Yes, this is another “portrait of an artist unappreciated in his own time,” a strand of rock doc that is quickly becoming its own genre. As predictable as this formula is, though — man pioneers new musical frontiers, earns little fame and fortune, others borrow his ideas decades later and get rich, man has to wait until he’s dead for the acknowledgement he deserves — with Worrell, the lack of widespread respect is particularly egregious. He grew up a child piano prodigy — playing Mozart at age 4 and writing his first concerto at 8 — seemingly looking forward to a career as a classical pianist.

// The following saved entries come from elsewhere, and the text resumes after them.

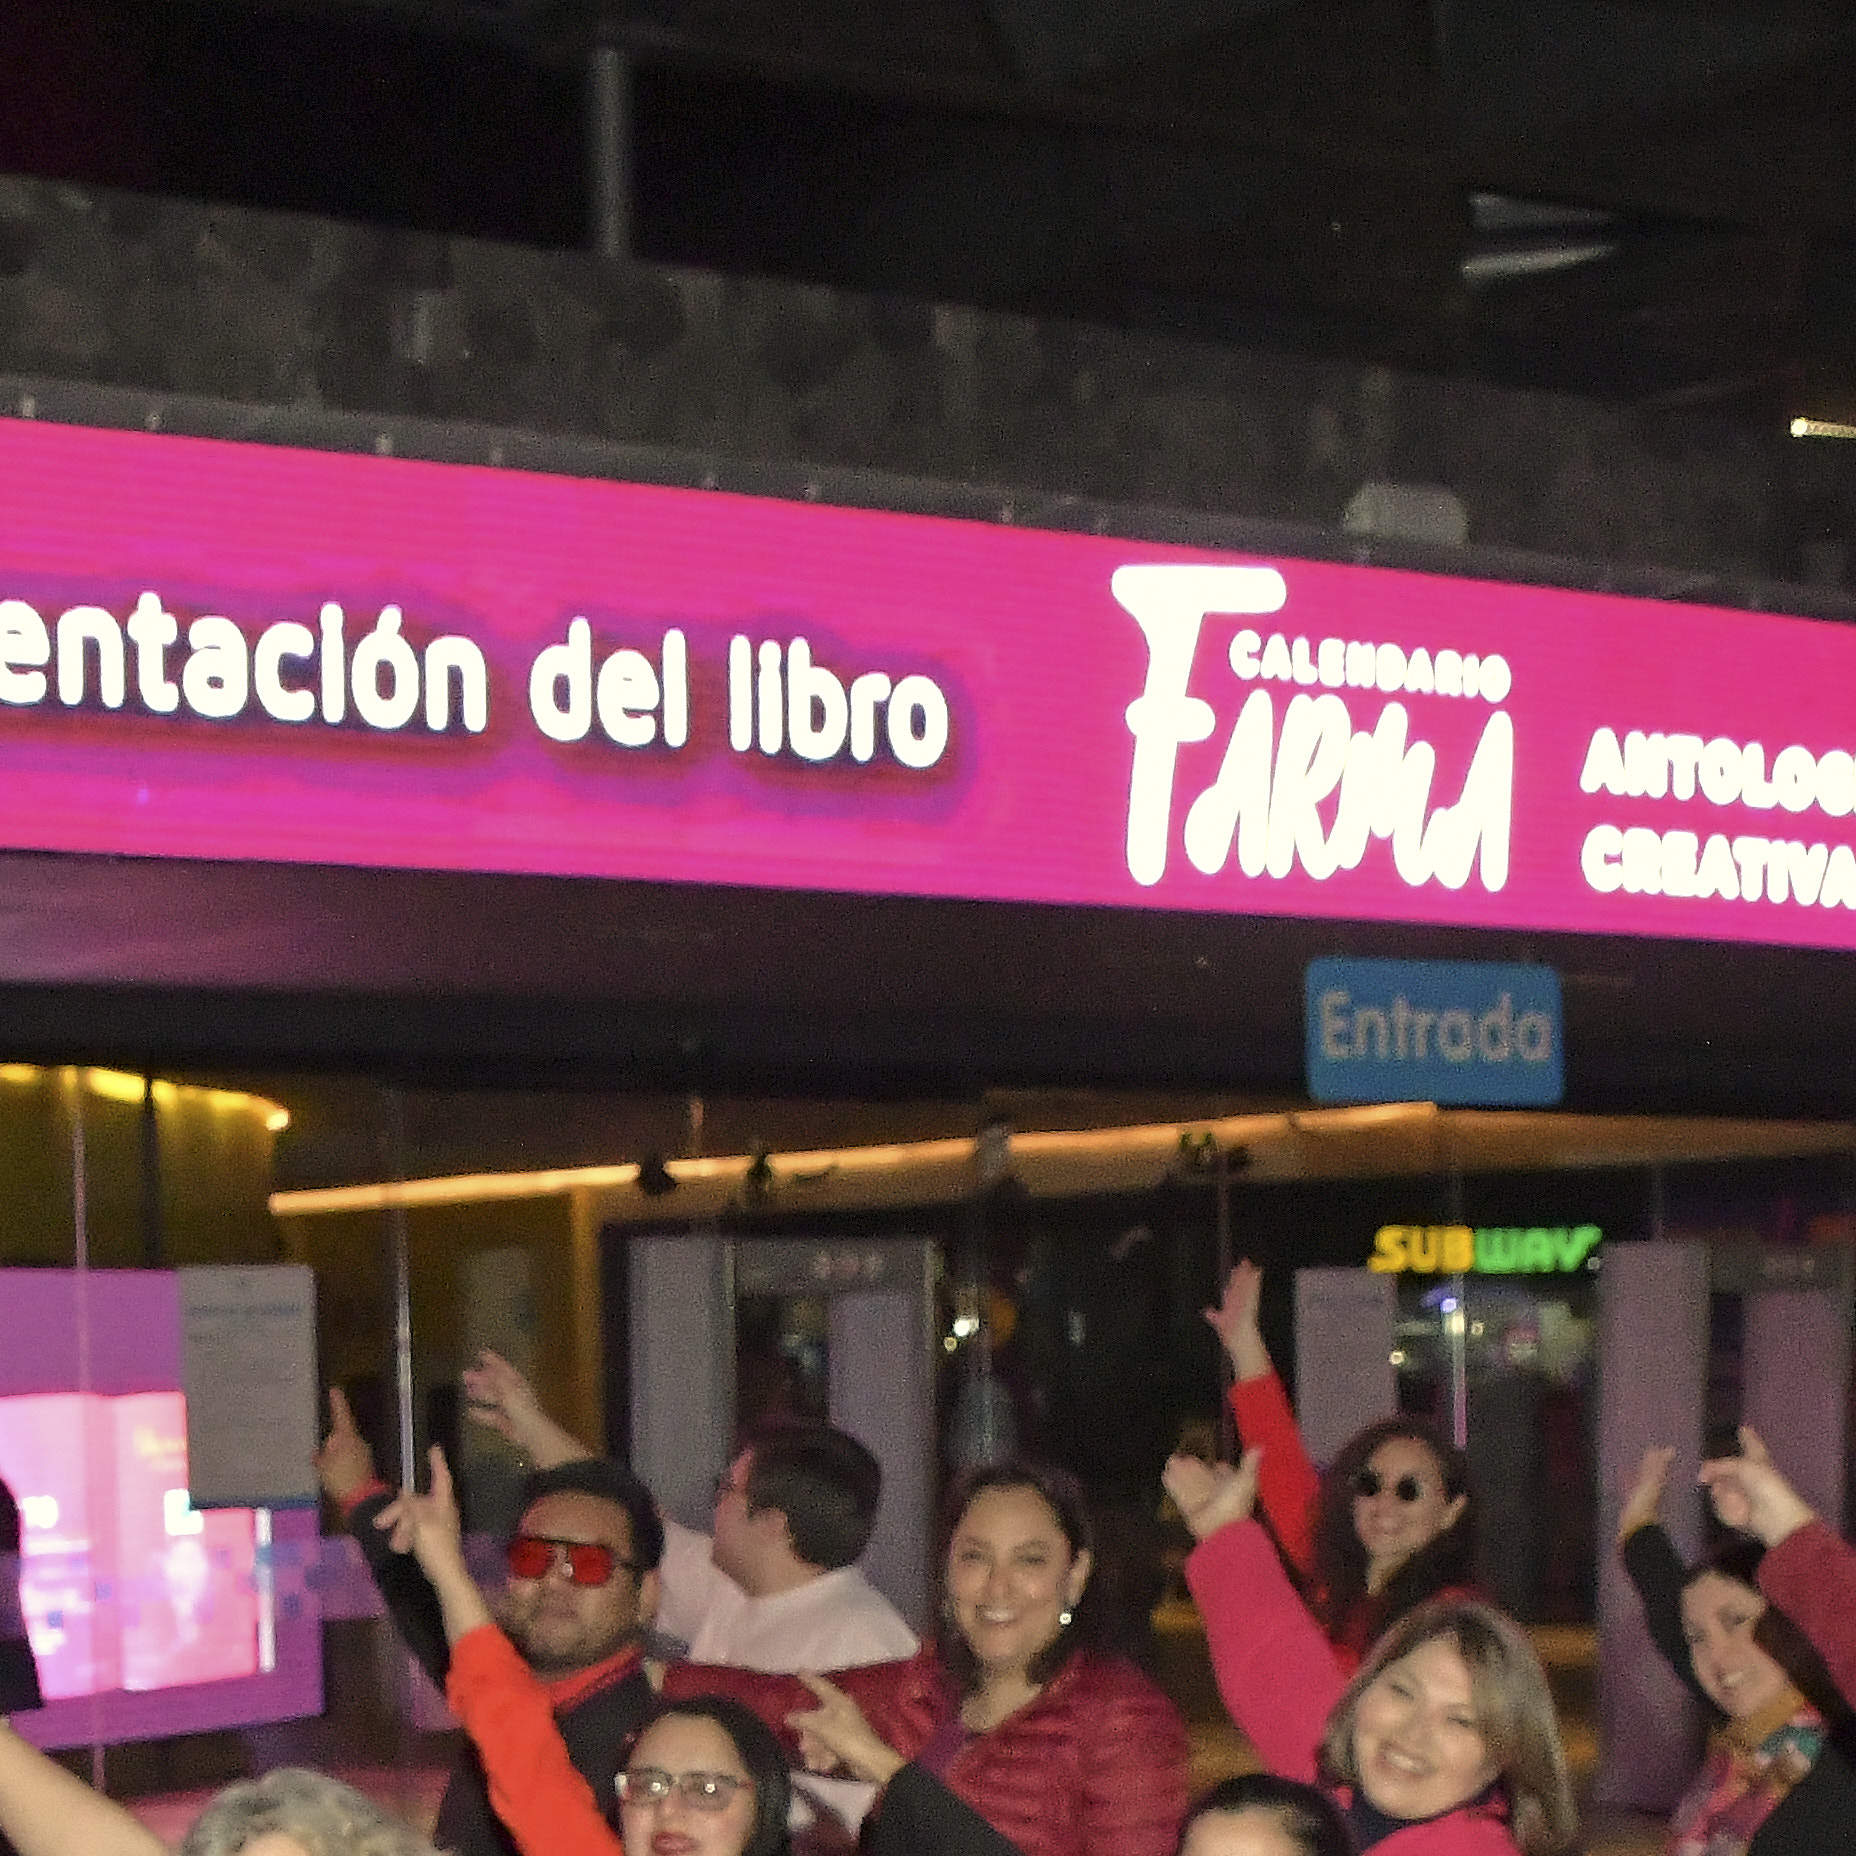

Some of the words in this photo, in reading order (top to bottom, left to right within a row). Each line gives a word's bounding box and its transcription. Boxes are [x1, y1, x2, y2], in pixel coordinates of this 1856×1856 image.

[528, 616, 689, 749] del
[728, 634, 949, 769] libro
[1228, 630, 1513, 704] CALENDARIO
[1110, 564, 1515, 893] FARMA
[1320, 988, 1554, 1064] Entrada
[1366, 1223, 1604, 1275] SUBWAY

Then, as a teenager, he started hanging around George Clinton’s barber shop. “This guy turned so far away from the path he was heading,” says author Larry Alexander, “it’s not even like turning and going backward, it’s like he disappeared and landed someplace else.” At 63, he has spent the past few decades as a journeyman, collaborating with nearly all the people interviewed here, but he made his legend with Parliament-Funkadelic, expanding the scope of the synthesizer in pop music and creating an entirely new sonic language — the sound of, in the words of Living Colour drummer Will Calhoun, “life in the universe.”

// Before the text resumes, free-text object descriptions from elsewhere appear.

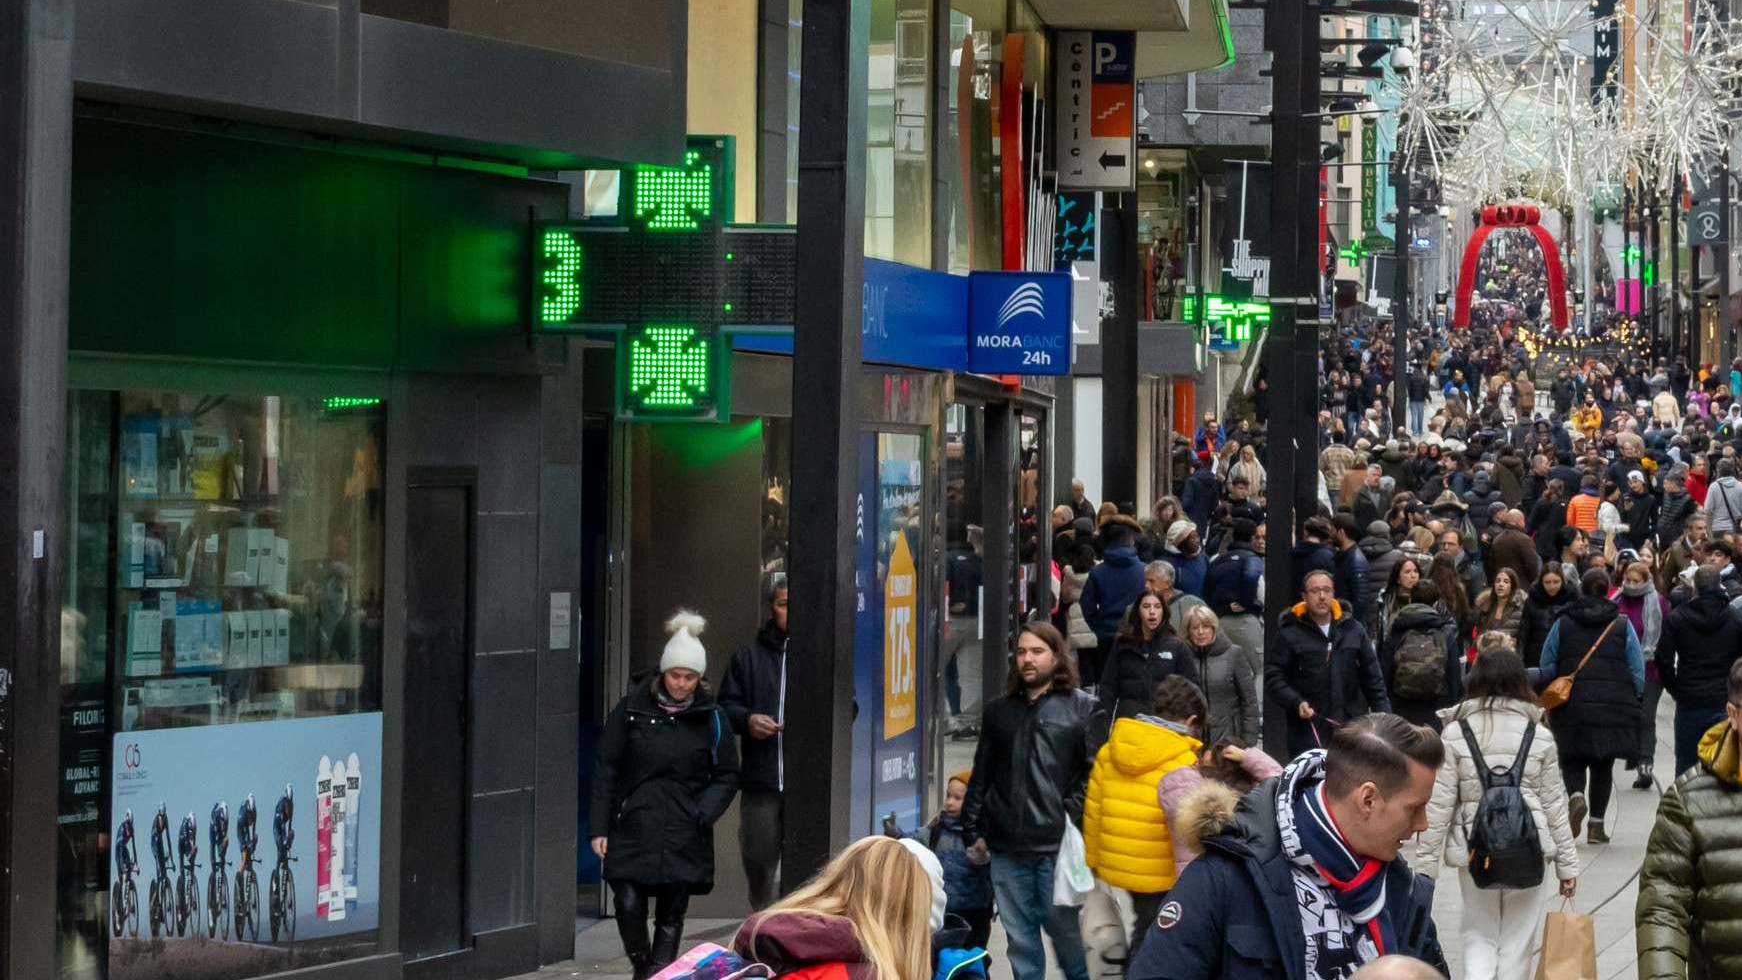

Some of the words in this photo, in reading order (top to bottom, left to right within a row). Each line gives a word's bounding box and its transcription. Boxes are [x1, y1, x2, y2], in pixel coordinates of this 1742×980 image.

[1096, 42, 1117, 75] P
[1070, 42, 1083, 157] Cèntric
[543, 233, 581, 320] 3
[977, 335, 1064, 348] MORABANC
[1022, 351, 1051, 365] 24h

But even after all this, Bernie Worrell remains, in terms of the industry, an outsider. Some of the reason for that, it is suggested, is his own doing. He lives a life of extremes, says Bill Laswell. He drinks too much, alleges Tina Weymouth. “If Bernie … dressed in tailored suits and ties, people would take him more seriously,” says David Byrne, adding, “I don’t think he’s going to do that.” His biggest mistake, though, was to dare to push boundaries in a business that isn’t quick to honor innovation the way it should. “If you’re going to be innovative, what do you expect?” Byrne says. Sad but true.

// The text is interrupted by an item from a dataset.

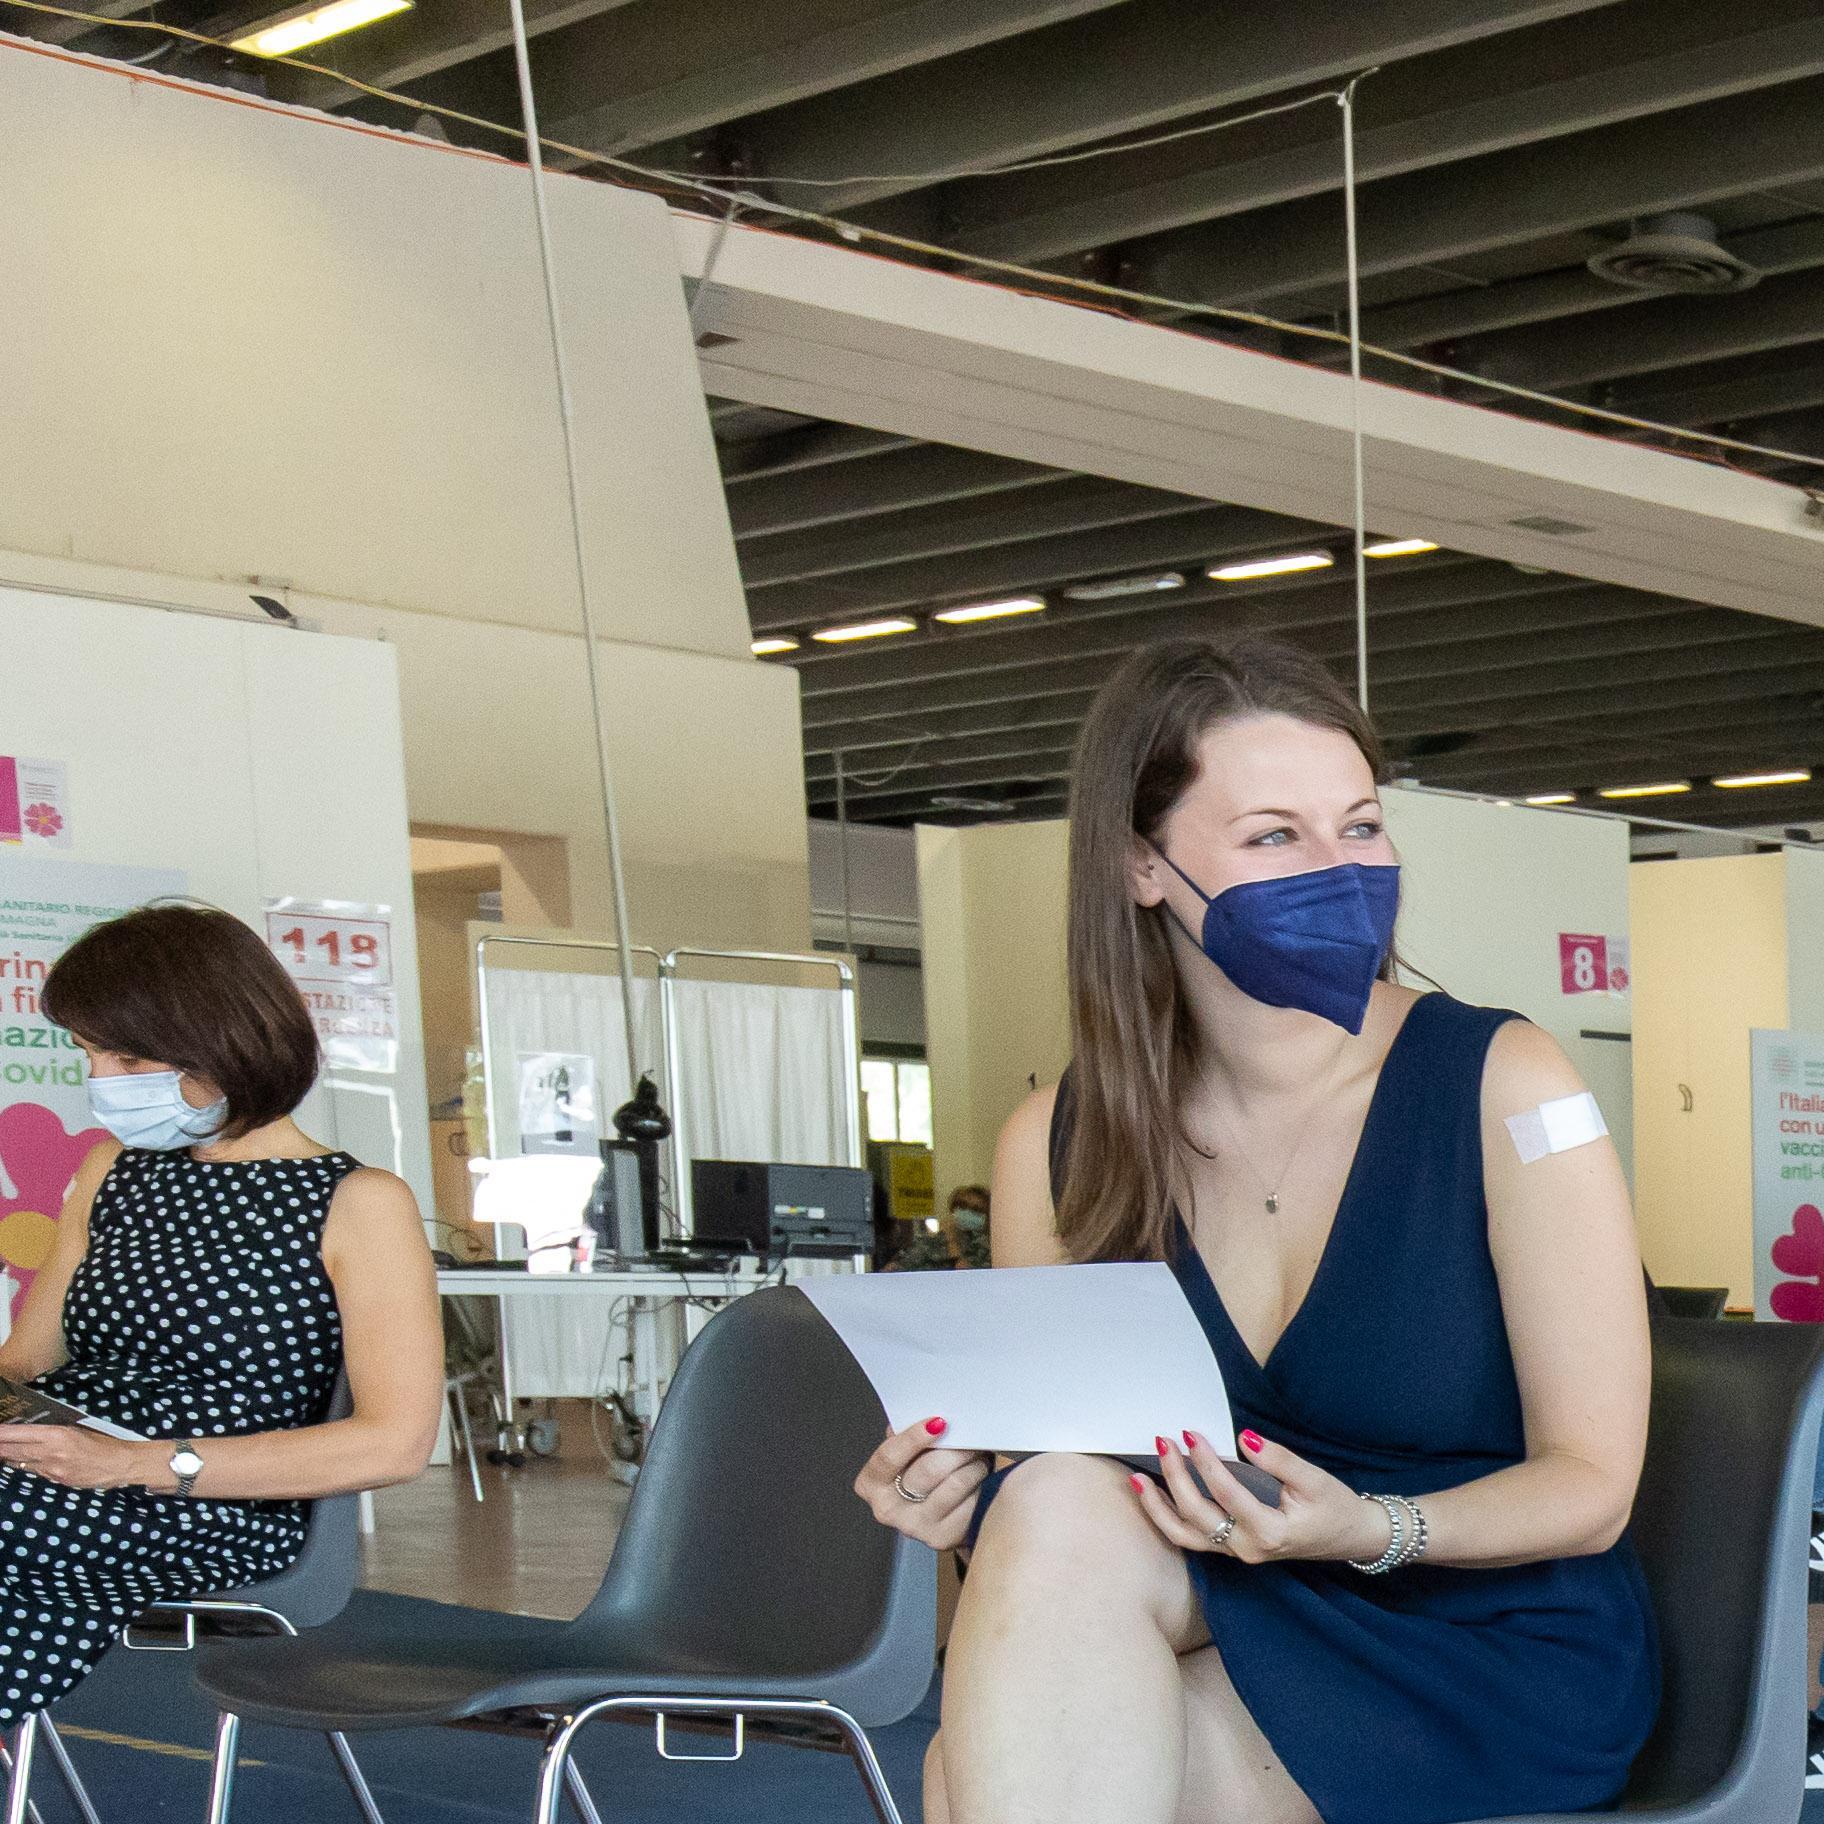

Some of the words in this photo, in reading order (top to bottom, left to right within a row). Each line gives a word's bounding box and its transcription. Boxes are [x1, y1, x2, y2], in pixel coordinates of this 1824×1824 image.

[282, 926, 378, 969] 118
[1574, 946, 1595, 990] 8
[1779, 1119, 1811, 1134] con

Worrell himself hardly speaks. Not orally, at least. He does most of his talking through the absolutely scorching live footage, spanning from his days bringing down the Mothership to his stint with Talking Heads in the 1980s to more recent jams with anonymous backing bands in cramped nightclubs that prove to be as furious and out-there as anything he has done in the past. At only 40 minutes, Stranger is hardly long enough to provide an appropriate rendering of such towering genius. But it does spread the myth. And if that helps Worrell get recognized in his lifetime, then Di Fiore has done something admirable.